Il prezzo del feedback
Uno degli articoli più commentati e letti in questi giorni tra i blog di Harvard Business Review è questo di Peter Bregman.
L’ho trovato interessante, per tre aspetti.
Il primo ha a che vedere con il messaggio di fondo dell’articolo: chiedere suggerimenti e feedback su un proprio lavoro presenta molti vantaggi, ma ha anche dei costi.
Il più rilevante di questi costi è la perdita di sicurezza in sé. La conseguenza di questa perdita è che, spesso, ci appiattiamo sui desideri, le preferenze, le aspettative altrui, perdendo la nostra autenticità. Su questa strada si può arrivare alla paralisi creativa, e all’incapacità di fare scelte controcorrente.
Il secondo aspetto interessante: l’esempio da cui Bregman parte.
Racconta un episodio: siamo durante una commemorazione, vari relatori sono già intervenuti, la platea è in preda ad un calo di attenzione.
Quando arriva il suo turno, Jerry Hoosen Coovadia decide di catturare l’attenzione rivoluzionando completamente il proprio intervento e dimostrando, in questo modo, da un lato flessibilità, ma dall’altro anche una grande sicurezza nei propri mezzi espressivi.
Durante i corsi sul public speaking, nei quali viene sviluppata una strategia per la comunicazione in pubblico, una delle domande più frequenti è:
Non è che preparare una strategia dettagliata per un intervento in pubblico toglie flessibilità?
La mia risposte è, invariabilmente:
Una strategia la può cambiare chi ce l’ha, non chi non ce l’ha.
L’assenza di strategia non porta flessibilità, porta soltanto improvvisazione (nell’accezione negativa del termine).
Terza ed ultima idea, dall’ultima parte dell’articolo di Bregman, quando descrive di come, mentre preparava uno speech per TEDx, l’eccessiva ricerca di feedback e di consenso lo avesse privato della sicurezza delle sue argomentazioni e delle sue possibilità di fare un buon lavoro.
C’è un rimedio semplice – prosegue – all’insicurezza nell’essere sé stessi: smettere di chiedere.
Piuttosto, prenditi il tempo, e la calma, per decidere che cosa pensi. È così che ritroviamo la parte di noi stessi a cui abbiamo rinunciato. È così che diventiamo efficaci, creativi, intelligenti e profondi. È così che troviamo il nostro punto di vista. […]
Non sto suggerendo di ignorare i feedback. È utile conoscere le reazioni degli altri al nostro lavoro. Dopo aver completato la mia revisione, ho provato lo speech molte volte davanti ad audience diverse.
Ma questa volta non ho chiesto loro di commentare il mio messaggio. Ho chiesto loro di commentare il modo in cui lo comunicavo. Che cosa traevano dal mio discorso? Stavo trasmettendo il mio messaggio in modo da riuscire a comunicare la mia passione?

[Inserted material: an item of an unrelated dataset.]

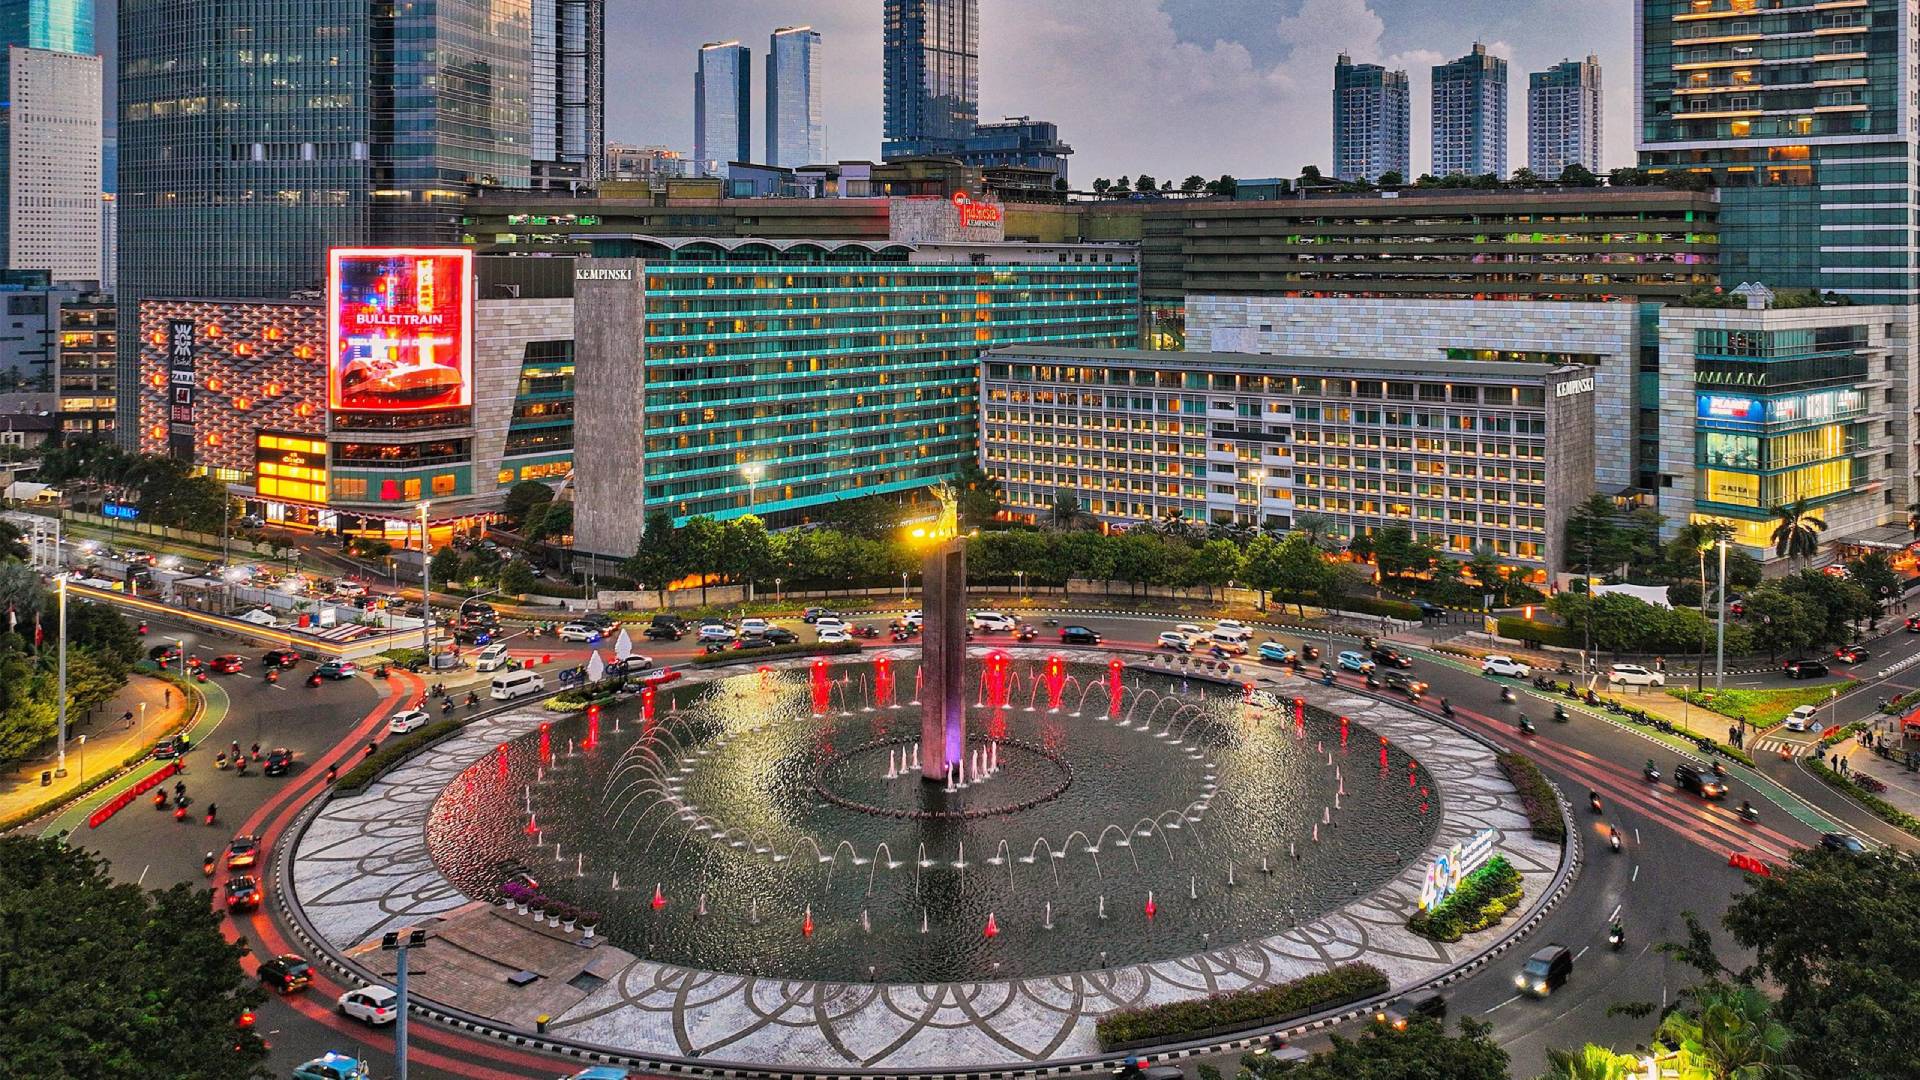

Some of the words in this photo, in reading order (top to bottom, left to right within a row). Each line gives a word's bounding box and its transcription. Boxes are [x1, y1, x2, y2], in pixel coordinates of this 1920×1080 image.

Ecco, mi pare interessante questa distinzione, nella raccolta dei feedback, tra il contenuto dei messaggi e il processo di delivery degli stessi. Ancora una volta, per raccogliere feedback di qualità bisogna saper porre le domande giuste.
Ciao Luca,
il feedback è uno strumento che sto utilizzando molto spesso, e per questo leggo con estremo interesse il tuo Post.
Mi permetto di lasciare un paio di mie idee:
– in merito al primo aspetto da te analizzato: il rischio di perdere sicurezza è reale; personalmente evito il problema considerando il feedback degli altri come un nuovo punto di vista da sommare (non da sostituire) al mio, in questo modo ritengo di ottenere una visione più ampia.
– in merito al terzo aspetto: mi chiedo se è efficace chiedere feedback in fase di preparazione di uno speech: non è forse meglio chiederli dopo lo speech stesso ?
Ciao
Risuona molto con la frase che sento dire ad un amico coach: “chiedi feedback se il feedback è corretto e utile lo si capisce se non lo senti così semplicemente scartalo…
E’ anche, a mio avviso, un buon trucchetto per aggirare la paura/costo di chiedere feedback. Spero sia utile. Ciao.